Fr. Richard Neuhaus, in his review (First
Things, Feb. 1, ‘05) of the book Why the
Jews Rejected Jesus (By Rabbi David Klinghoffer, published
by Doubleday, 2005) makes the point that there were five million, perhaps
six million, Jews scattered through the Roman Empire at the time of the
destruction of Jerusalem around 70 AD. Two centuries later, give
or take, there were only a million or less.
Though some would have perished in the
Roman-Jewish wars, the great bulk of Jews lived outside the Holy Land and
would have gone on with their lives. What become of those millions?
Fr. Neuhaus makes the point that they probably
became Christians, not considering it a new and different religion but
an acceptable form of their Jewish Faith.
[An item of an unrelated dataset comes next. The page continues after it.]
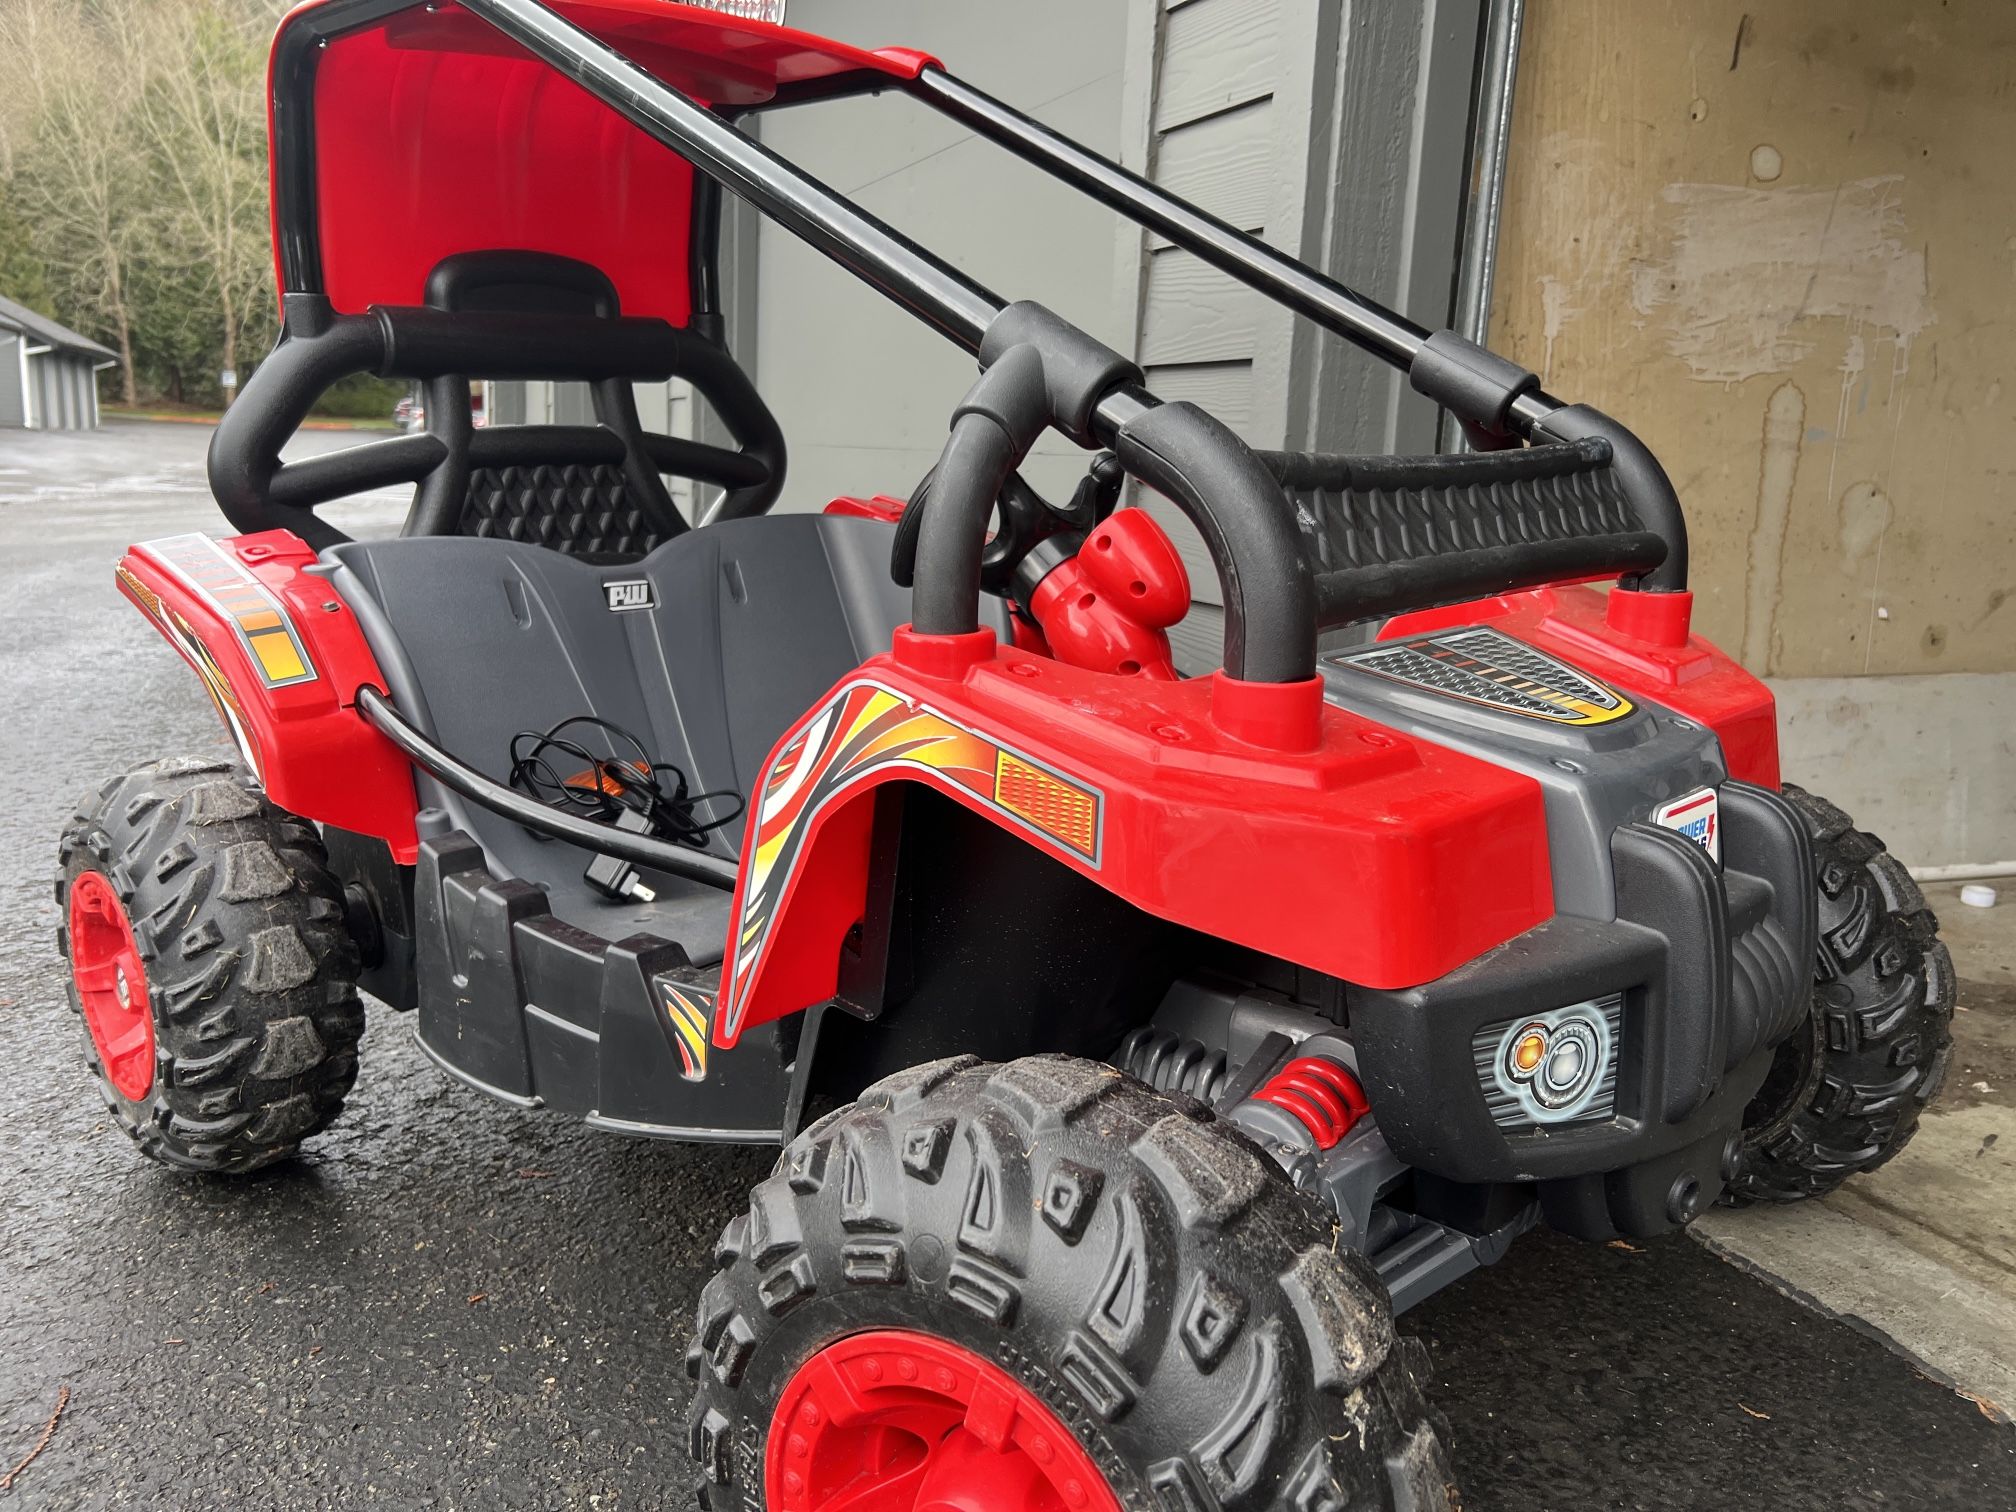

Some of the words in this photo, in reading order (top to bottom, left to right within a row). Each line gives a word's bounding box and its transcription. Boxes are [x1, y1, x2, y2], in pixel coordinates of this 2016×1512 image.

Thus, they blended into
and greatly enriched the Greco Roman world they inhabited.
If you know any traditional Jews, you know
that theirs is not a freeform religion. It is structured both liturgically
and socially. These Jews, scattered through the Roman Empire, presumably
were the soil in which early Christianity was planted and grew. They
continued to guide their lives by their own religious structures, considering
these structures to be God given, a part of Sacred Tradition, a Jewish
idea that we orthodox Christians cherish.
The particular aspect of the Catholic Church
that you find so irritating, apostolic succession, is really quite Jewish.
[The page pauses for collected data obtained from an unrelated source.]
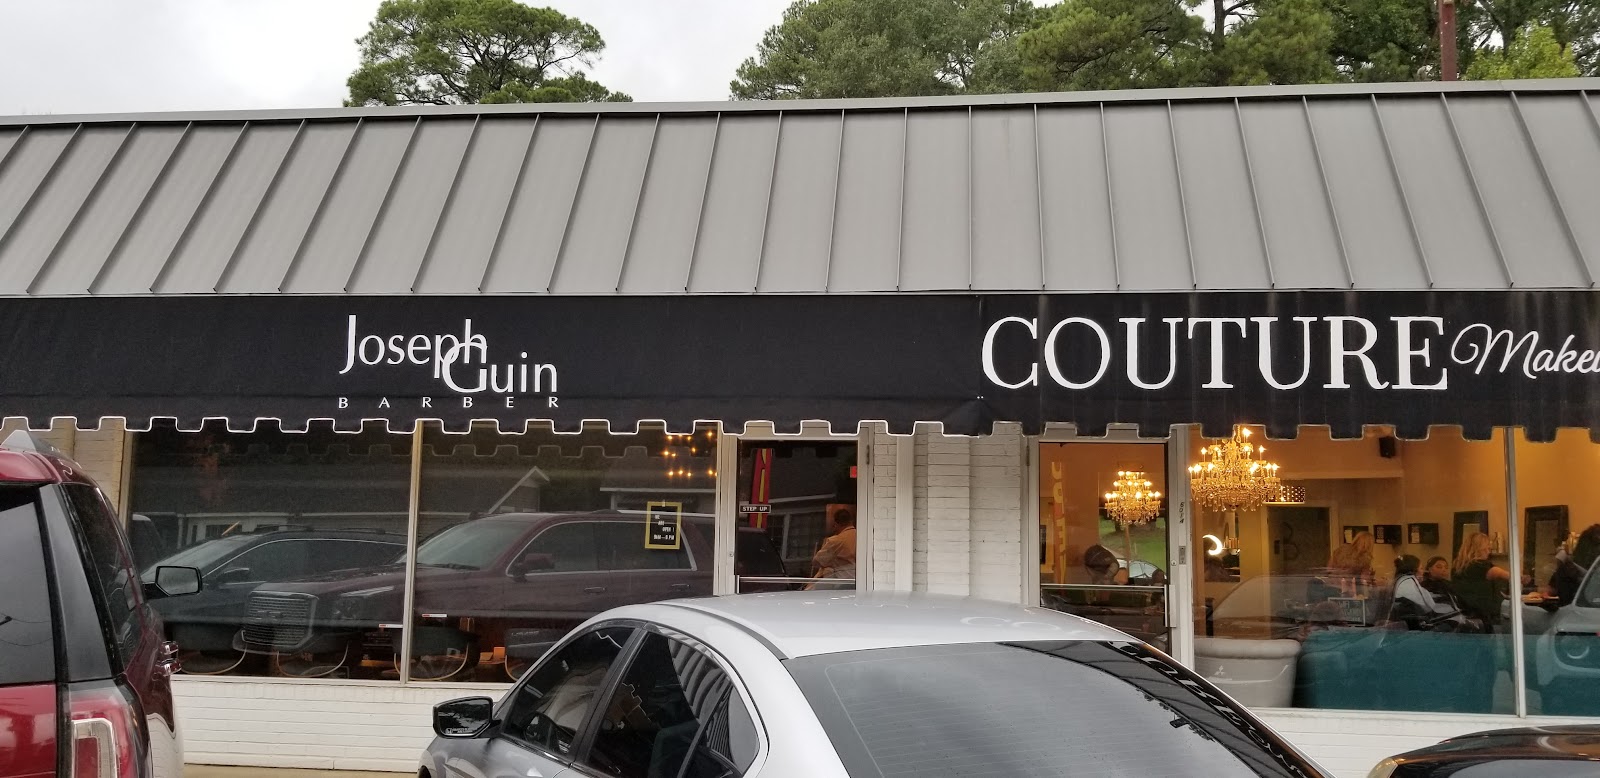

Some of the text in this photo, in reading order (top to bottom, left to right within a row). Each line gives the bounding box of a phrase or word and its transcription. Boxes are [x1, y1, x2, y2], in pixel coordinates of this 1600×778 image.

[339, 314, 487, 379] Joseph
[442, 341, 558, 393] Guin
[981, 316, 1447, 390] COUTURE
[338, 397, 559, 408] BARBER
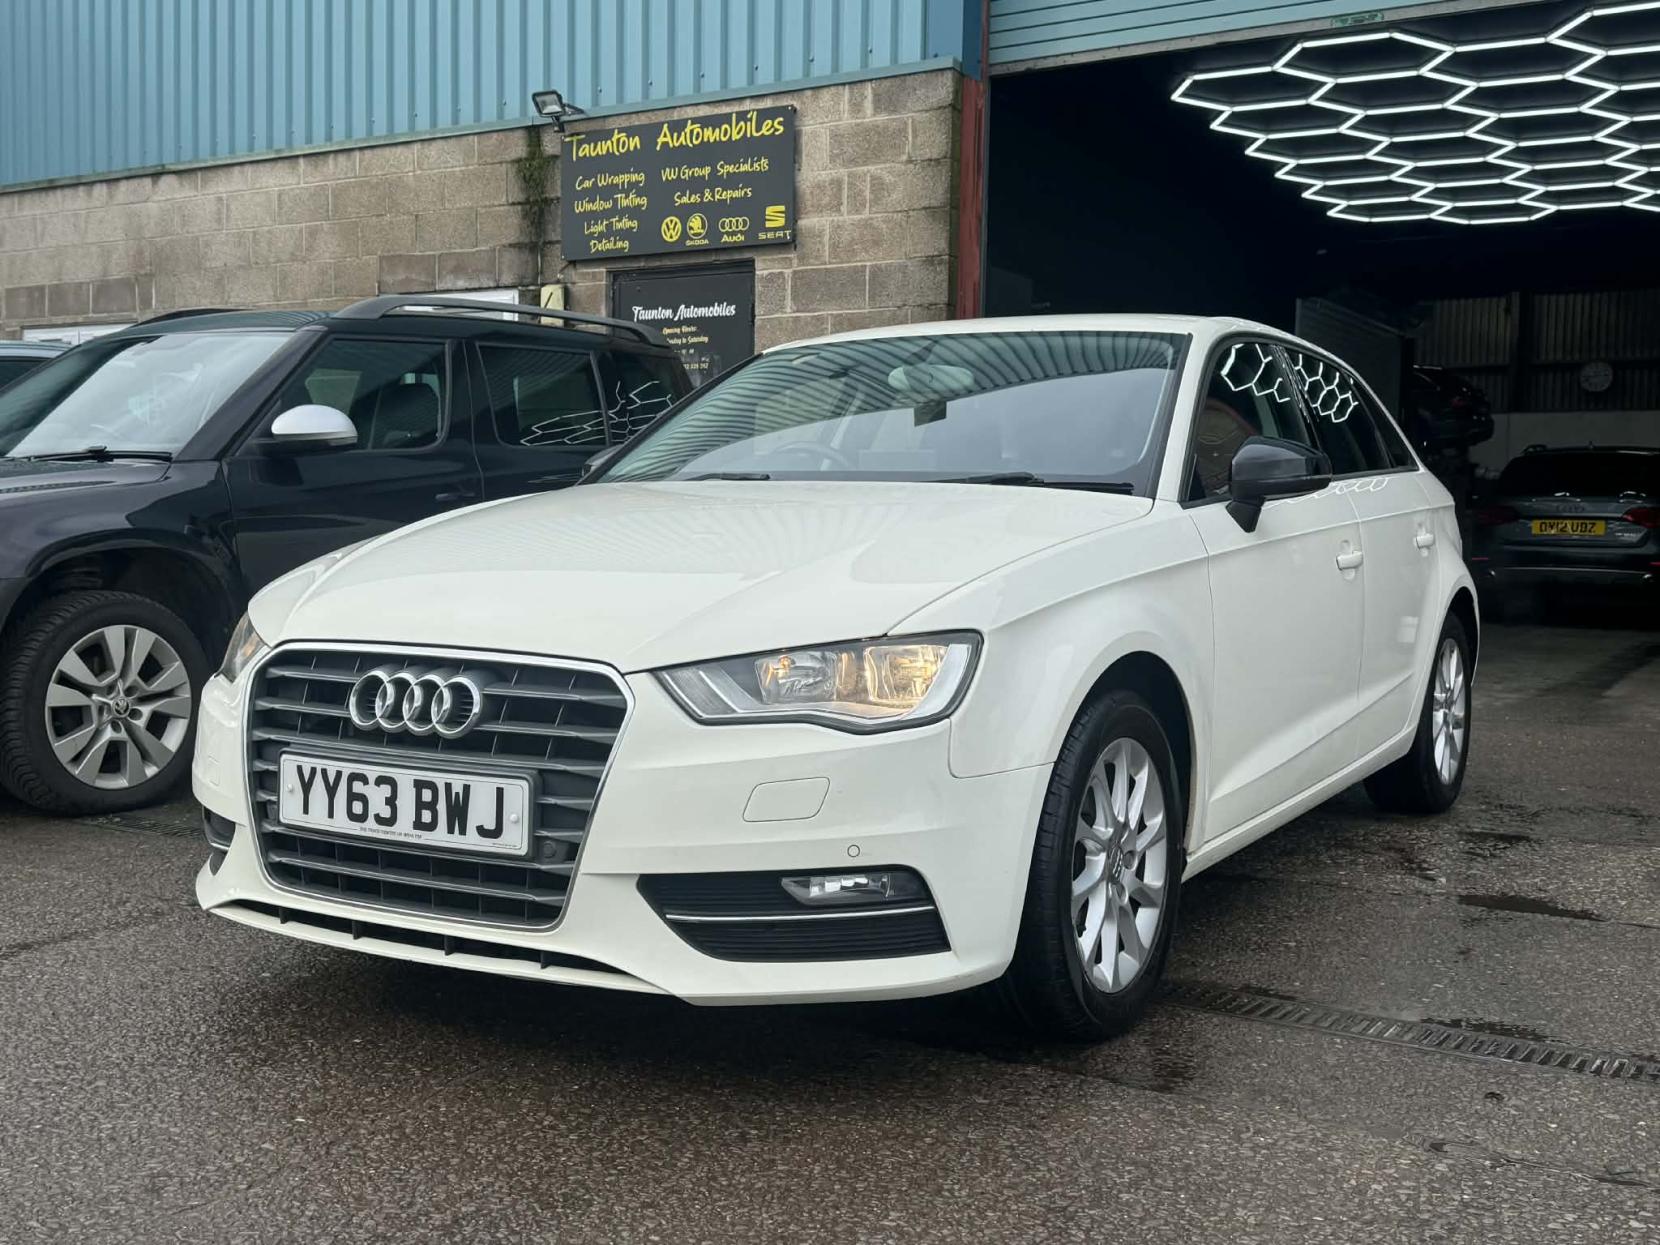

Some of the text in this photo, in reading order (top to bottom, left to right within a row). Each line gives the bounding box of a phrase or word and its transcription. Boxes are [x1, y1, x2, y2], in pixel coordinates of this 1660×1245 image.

[564, 110, 785, 161] Taunton Automobiles
[575, 168, 646, 190] Car Wrapping
[661, 156, 769, 182] VW Group Specialists
[574, 190, 648, 213] Window Tinting
[673, 184, 752, 207] Sales & Repairs
[584, 214, 639, 237] Light Tinting
[758, 230, 792, 240] SEAT
[590, 236, 630, 254] Detailing
[720, 233, 745, 243] Audi
[632, 301, 736, 322] Taunton Automobiles
[296, 764, 504, 840] YY63 BWJ
If you have lived in our beloved Skokie,
Illinois for any amount of time, some enthusiastic young Hasidim would
have approached you and asked if you are Jewish. Had you been Jewish,
they would have invited you to a Sabbath dinner or given you Kosher matzoh
or some such. They are Lubavitcher Hasidim.
The Lubavitch movement in Judaism sends
out schlichim. Rebbe Schneerson would send ordained young Rabbis
and their wives to a new place as his emissaries to live an orthodox Jewish
life in a place where it is lacking. They leave home not for a few
months or years, but for their whole life to settle in a new place.
They set up shop in distant and strange lands to bring Jews back to Judaism.
The word shliach, (plural:
schlichim) comes from the Hebrew verb sh-l-ch,
meaning to send.
In Greek, the verb to send is apostolein,
whence comes the word “apostle.”
In Hebrew, Shclichim: in
Greek,
Apostle: in English, missionary. Getting
it?
The Halachic, that is a legal Jewish definition
of schliach is: an agent or emissary who is empowered by another
to act in his stead.
Sounds pretty much like what we Catholics
mean by apostolic succession. That the pope wears a white beanie, and bishop
wear red ones. Well, that’s just a human tradition.
The papacy and episcopacy resting on apostolic
succession, now that’s established by Jesus. They go back to the
structures of the Old Testament. The apostolic succession is as Jewish
as a noodle kugele, one more example of the seamless nature of the Old
and New Testament, the old and new Israel.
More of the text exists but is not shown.